Fake your own death!
Whatever you do.
Do Not Go!!!
I know.
The U.S. Navy invited me to try it. I was thrilled. I was pumped.
I was toast! I should've known when they told me my pilot would be
Chip (Biff) King of Fighter Squadron 213 at Naval Air Station Oceana in
Virginia Beach.
Whatever you're thinking a Top Gun named Chip (Biff) King looks like,
triple it. He's about six-foot, tan, ice-blue eyes, wavy surfer hair,
finger-crippling handshake -- the kind of man who wrestles dyspeptic
alligators in his leisure time. If you see this man, run the other
way. Fast.
Biff King was born to fly. His father, Jack King, was for years the
voice of NASA missions. ('T-minus 15 seconds and counting .'
Remember?)
Chip would charge neighborhood kids a quarter each to hear his dad.
Jack would wake up from naps surrounded by nine-year-olds waiting for
him to say, 'We have liftoff'.
Biff was to fly me in an F- 14D Tomcat, a ridiculously powerful $60
million weapon with nearly as much thrust as weight, not unlike Colin
Montgomerie. I was worried about getting airsick, so the night before
the flight I asked Biff if there was something I should eat the next
morning.
'Bananas,' he said.
'For the potassium?' I asked.
'No,' Biff said, 'because they taste about the same coming up as they
do going down.'
The next morning, out on the tarmac, I had on my flight suit with my
name sewn over the left breast. (No call sign -- like Crash or
Sticky
or Leadfoot. But, still, very cool.) I carried my helmet in the
crook of my arm, as Biff had instructed. If ever in my life I had a
chance to nail Nicole Kidman, this was it.

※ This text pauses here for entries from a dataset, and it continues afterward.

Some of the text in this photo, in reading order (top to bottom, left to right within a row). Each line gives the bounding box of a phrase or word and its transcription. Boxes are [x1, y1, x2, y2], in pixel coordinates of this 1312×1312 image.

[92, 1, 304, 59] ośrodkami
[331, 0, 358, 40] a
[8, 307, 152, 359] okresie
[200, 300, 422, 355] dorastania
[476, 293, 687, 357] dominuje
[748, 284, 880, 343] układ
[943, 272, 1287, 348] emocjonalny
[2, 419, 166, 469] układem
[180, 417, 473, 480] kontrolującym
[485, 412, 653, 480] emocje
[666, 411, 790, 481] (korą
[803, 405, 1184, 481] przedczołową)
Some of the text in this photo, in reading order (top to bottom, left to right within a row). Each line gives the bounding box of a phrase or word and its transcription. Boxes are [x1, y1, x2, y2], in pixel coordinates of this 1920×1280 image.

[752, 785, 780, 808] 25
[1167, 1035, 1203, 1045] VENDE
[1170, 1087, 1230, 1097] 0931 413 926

A fighter pilot named Psycho gave me a safety briefing and then
fastened me into my ejection seat, which, when employed, would 'egress'
me out of the plane at such a velocity that I would be immediately
knocked unconscious.
Just as I was thinking about aborting the flight, the canopy closed
over me, and Biff gave the ground crew a thumbs-up. In minutes we were
firing nose up at 600 mph. We leveled out and then canopy-rolled over
another F-14.
Those 20 minutes were the rush of my life. Unfortunately, the ride
lasted 80.. It was like being on the roller coaster at Six Flags Over
Hell. Only without rails. We did barrel rolls, snap rolls, loops,
yanks and banks. We dived, rose and dived again, sometimes with a
vertical velocity of 10,000 feet per minute. We chased another F-14,
and it chased us.
We broke the speed of sound. Sea was sky and sky was sea. Flying at
200 feet we did 90-degree turns at 550 mph, creating a G force of 6.5,
which is to say I felt as if 6.5 times my body weight was smashing
against me, thereby approximating life as Mrs. Colin Montgomerie.
And I egressed the bananas.
And I egressed the pizza from the night before.

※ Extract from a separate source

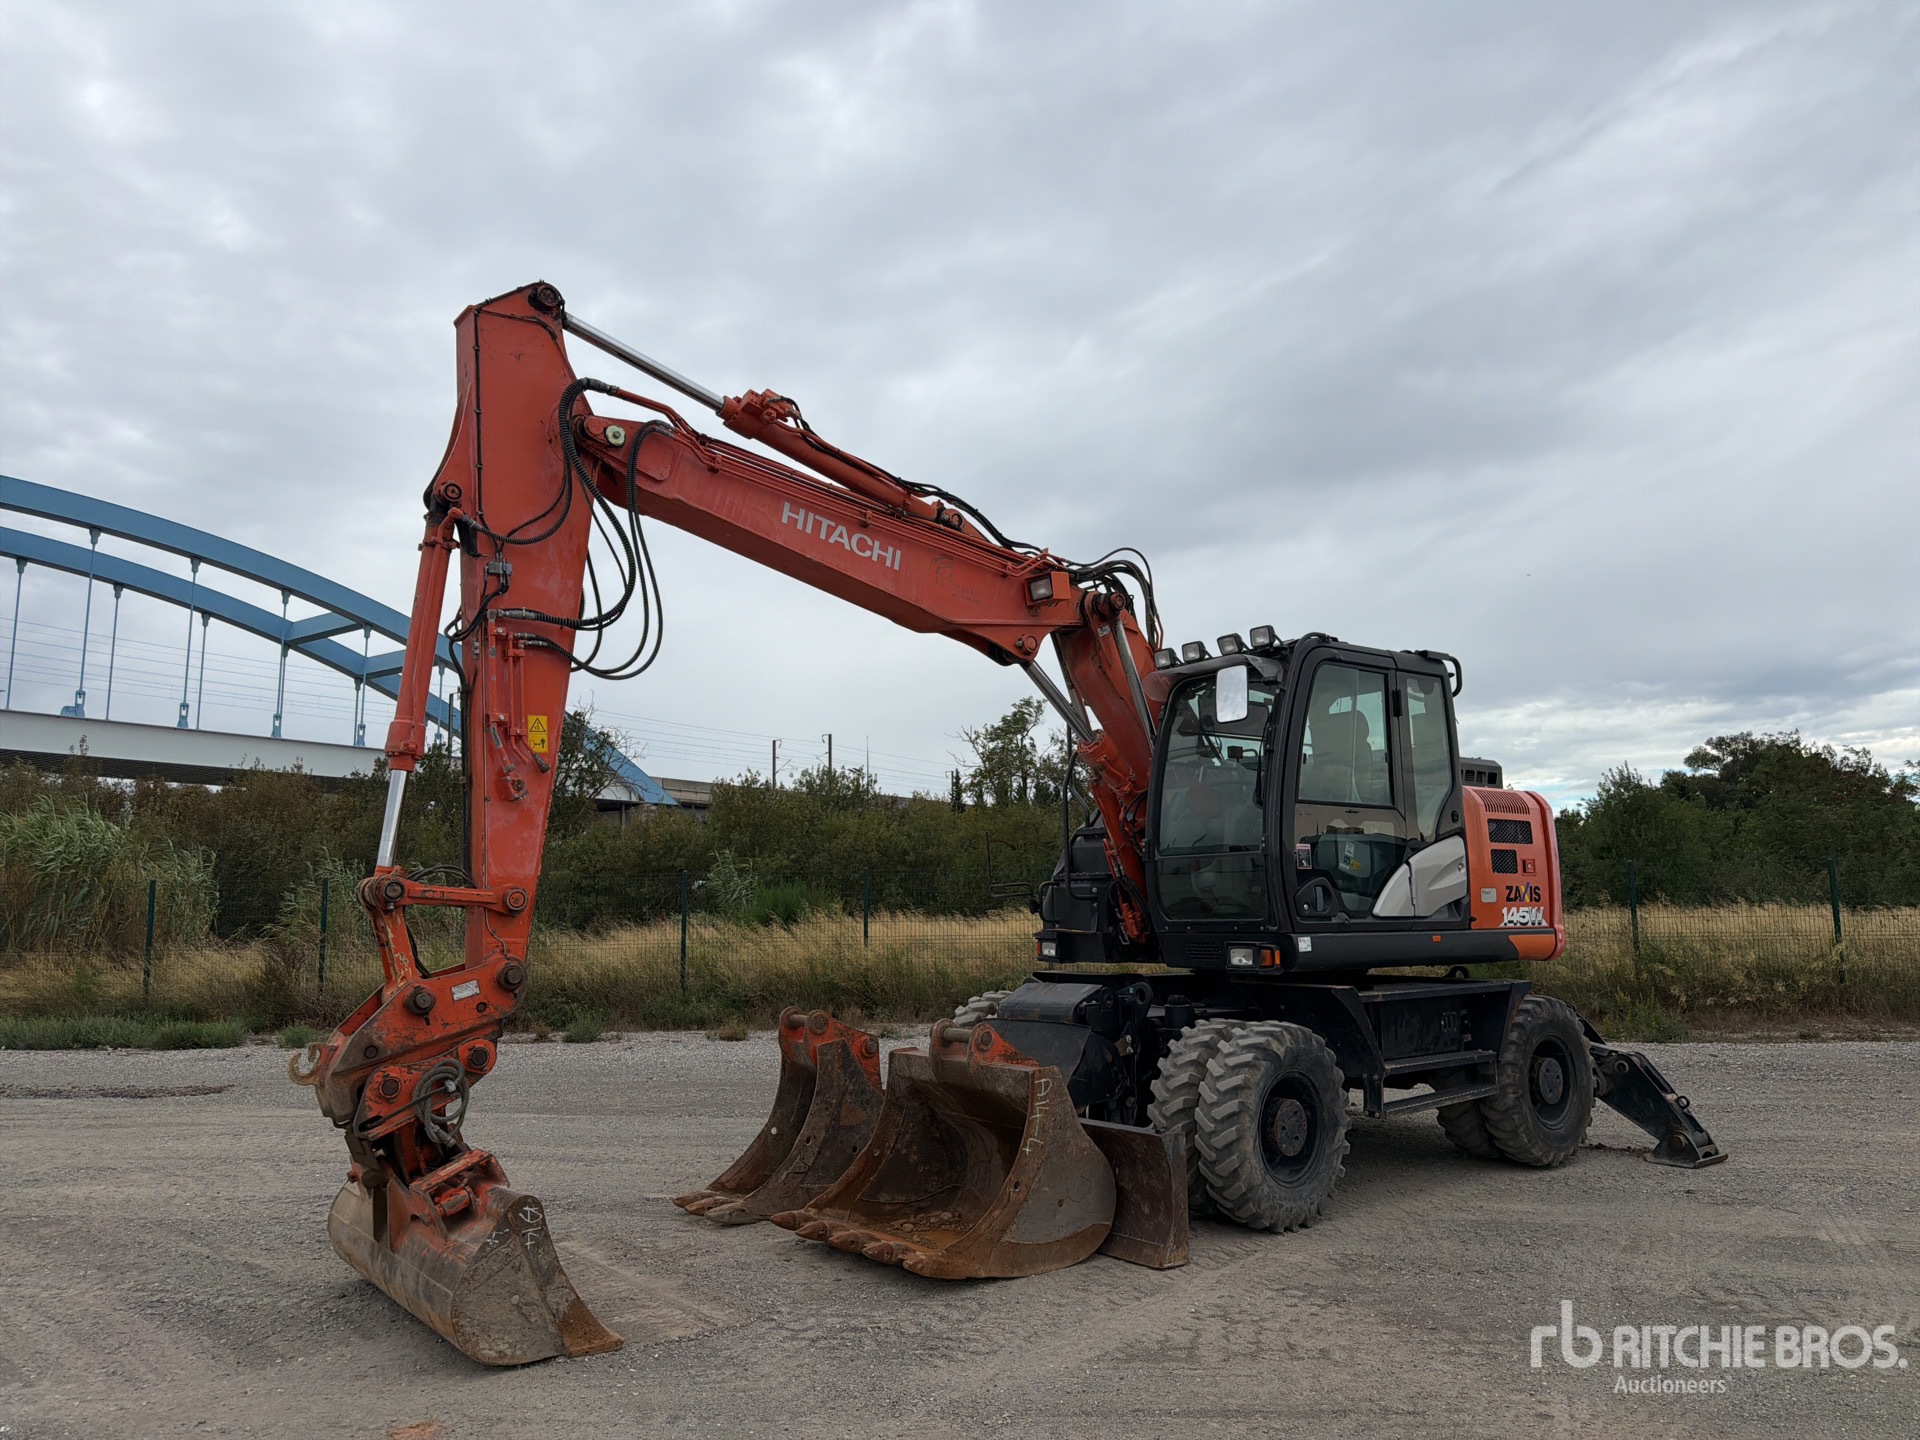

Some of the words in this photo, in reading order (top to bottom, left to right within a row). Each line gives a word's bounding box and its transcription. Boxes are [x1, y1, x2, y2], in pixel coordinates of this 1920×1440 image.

[781, 501, 902, 571] HITACHI
[1505, 882, 1541, 903] ZAXIS
[1501, 906, 1544, 926] 145W

And the lunch before that.
I egressed a box of Milk Duds from the sixth grade.
I made Linda Blair look polite. Because of the G's, I was egressing
stuff that never thought would be egressed.
I went through not one airsick bag, but two.
Biff said I passed out. Twice. I was coated in sweat. At one
point, as we were coming in upside down in a banked curve on a mock
bombing target and the G's were flattening me like a tortilla and I was
in and out of consciousness, I realized I was the first person in
history to throw down.
I used to know 'cool'. Cool was Elway throwing a touchdown pass, or
Norman making a five-iron bite. But now I really know 'cool'. Cool
is
guys like Biff, men with cast-iron stomachs and freon nerves. I
wouldn't go up there again for Derek Jeter's black book, but I'm glad
Biff does every day, and for less a year than a rookie reliever makes
in
a home stand.
A week later, when the spins finally stopped, Biff called. He said
he and the fighters had the perfect call sign for me. Said he'd send
it
on a patch for my flight suit.
What is it?? I asked.
'Two Bags.'
God Bless America
Below is an article written by Rick Reilly of Sports Illustrated. He
details his experiences when given the opportunity to fly in an F-14
Tomcat. If you aren't laughing out loud by the time you get to 'Milk
Duds,' your sense of humor is seriously broken.
__________________________________________________ ____________________
This message is for America 's most famous athletes:
Someday you may be invited to fly in the back-seat of one of your
country's most powerful fighter jets. Many of you already have.
John Elway, John Stockton, Tiger Woods to name a few. If you get
this
opportunity, let me urge you, with the greatest sincerity ... move to
Guam .
Change your name.
Fake your own death!
Whatever you do.
Do Not Go!!!
I know.
The U.S. Navy invited me to try it. I was thrilled. I was pumped.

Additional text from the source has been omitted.